TASK:
Exact transcription of the records is required.

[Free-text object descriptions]
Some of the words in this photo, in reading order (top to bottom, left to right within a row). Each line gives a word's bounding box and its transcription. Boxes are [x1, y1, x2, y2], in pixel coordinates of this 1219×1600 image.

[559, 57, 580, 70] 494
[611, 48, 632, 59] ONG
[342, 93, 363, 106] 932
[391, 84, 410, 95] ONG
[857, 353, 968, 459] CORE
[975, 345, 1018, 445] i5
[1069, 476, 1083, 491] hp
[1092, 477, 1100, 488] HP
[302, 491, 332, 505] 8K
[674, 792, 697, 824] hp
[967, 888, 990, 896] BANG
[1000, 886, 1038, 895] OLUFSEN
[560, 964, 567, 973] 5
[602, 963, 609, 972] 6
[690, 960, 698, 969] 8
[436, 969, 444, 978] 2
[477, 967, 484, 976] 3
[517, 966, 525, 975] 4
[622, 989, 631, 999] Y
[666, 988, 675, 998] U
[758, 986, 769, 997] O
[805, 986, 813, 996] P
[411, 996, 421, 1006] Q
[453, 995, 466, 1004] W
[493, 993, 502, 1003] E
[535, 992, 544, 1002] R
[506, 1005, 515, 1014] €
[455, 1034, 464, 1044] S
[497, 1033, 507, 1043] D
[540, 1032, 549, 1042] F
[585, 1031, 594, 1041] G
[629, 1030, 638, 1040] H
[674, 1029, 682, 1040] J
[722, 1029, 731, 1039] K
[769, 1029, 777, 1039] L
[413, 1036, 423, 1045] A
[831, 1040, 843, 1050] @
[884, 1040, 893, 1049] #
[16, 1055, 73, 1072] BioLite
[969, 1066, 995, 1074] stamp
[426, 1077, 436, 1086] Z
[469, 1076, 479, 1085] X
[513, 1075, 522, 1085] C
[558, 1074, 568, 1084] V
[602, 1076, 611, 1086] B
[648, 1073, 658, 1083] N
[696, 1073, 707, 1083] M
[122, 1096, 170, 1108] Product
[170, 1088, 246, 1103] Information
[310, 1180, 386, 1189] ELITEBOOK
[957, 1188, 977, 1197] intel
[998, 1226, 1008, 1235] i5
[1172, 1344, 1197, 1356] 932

RESPONSE FOR THIS EXERCISE:
Some of the words in this photo, in reading order (top to bottom, left to right within a row). Each line gives a word's bounding box and its transcription. Boxes are [x1, y1, x2, y2], in pixel coordinates of this 1219×1600 image.

[559, 57, 580, 70] 494
[611, 48, 632, 59] ONG
[342, 93, 363, 106] 932
[391, 84, 410, 95] ONG
[857, 353, 968, 459] CORE
[975, 345, 1018, 445] i5
[1069, 476, 1083, 491] hp
[1092, 477, 1100, 488] HP
[302, 491, 332, 505] 8K
[674, 792, 697, 824] hp
[967, 888, 990, 896] BANG
[1000, 886, 1038, 895] OLUFSEN
[560, 964, 567, 973] 5
[602, 963, 609, 972] 6
[690, 960, 698, 969] 8
[436, 969, 444, 978] 2
[477, 967, 484, 976] 3
[517, 966, 525, 975] 4
[622, 989, 631, 999] Y
[666, 988, 675, 998] U
[758, 986, 769, 997] O
[805, 986, 813, 996] P
[411, 996, 421, 1006] Q
[453, 995, 466, 1004] W
[493, 993, 502, 1003] E
[535, 992, 544, 1002] R
[506, 1005, 515, 1014] €
[455, 1034, 464, 1044] S
[497, 1033, 507, 1043] D
[540, 1032, 549, 1042] F
[585, 1031, 594, 1041] G
[629, 1030, 638, 1040] H
[674, 1029, 682, 1040] J
[722, 1029, 731, 1039] K
[769, 1029, 777, 1039] L
[413, 1036, 423, 1045] A
[831, 1040, 843, 1050] @
[884, 1040, 893, 1049] #
[16, 1055, 73, 1072] BioLite
[969, 1066, 995, 1074] stamp
[426, 1077, 436, 1086] Z
[469, 1076, 479, 1085] X
[513, 1075, 522, 1085] C
[558, 1074, 568, 1084] V
[602, 1076, 611, 1086] B
[648, 1073, 658, 1083] N
[696, 1073, 707, 1083] M
[122, 1096, 170, 1108] Product
[170, 1088, 246, 1103] Information
[310, 1180, 386, 1189] ELITEBOOK
[957, 1188, 977, 1197] intel
[998, 1226, 1008, 1235] i5
[1172, 1344, 1197, 1356] 932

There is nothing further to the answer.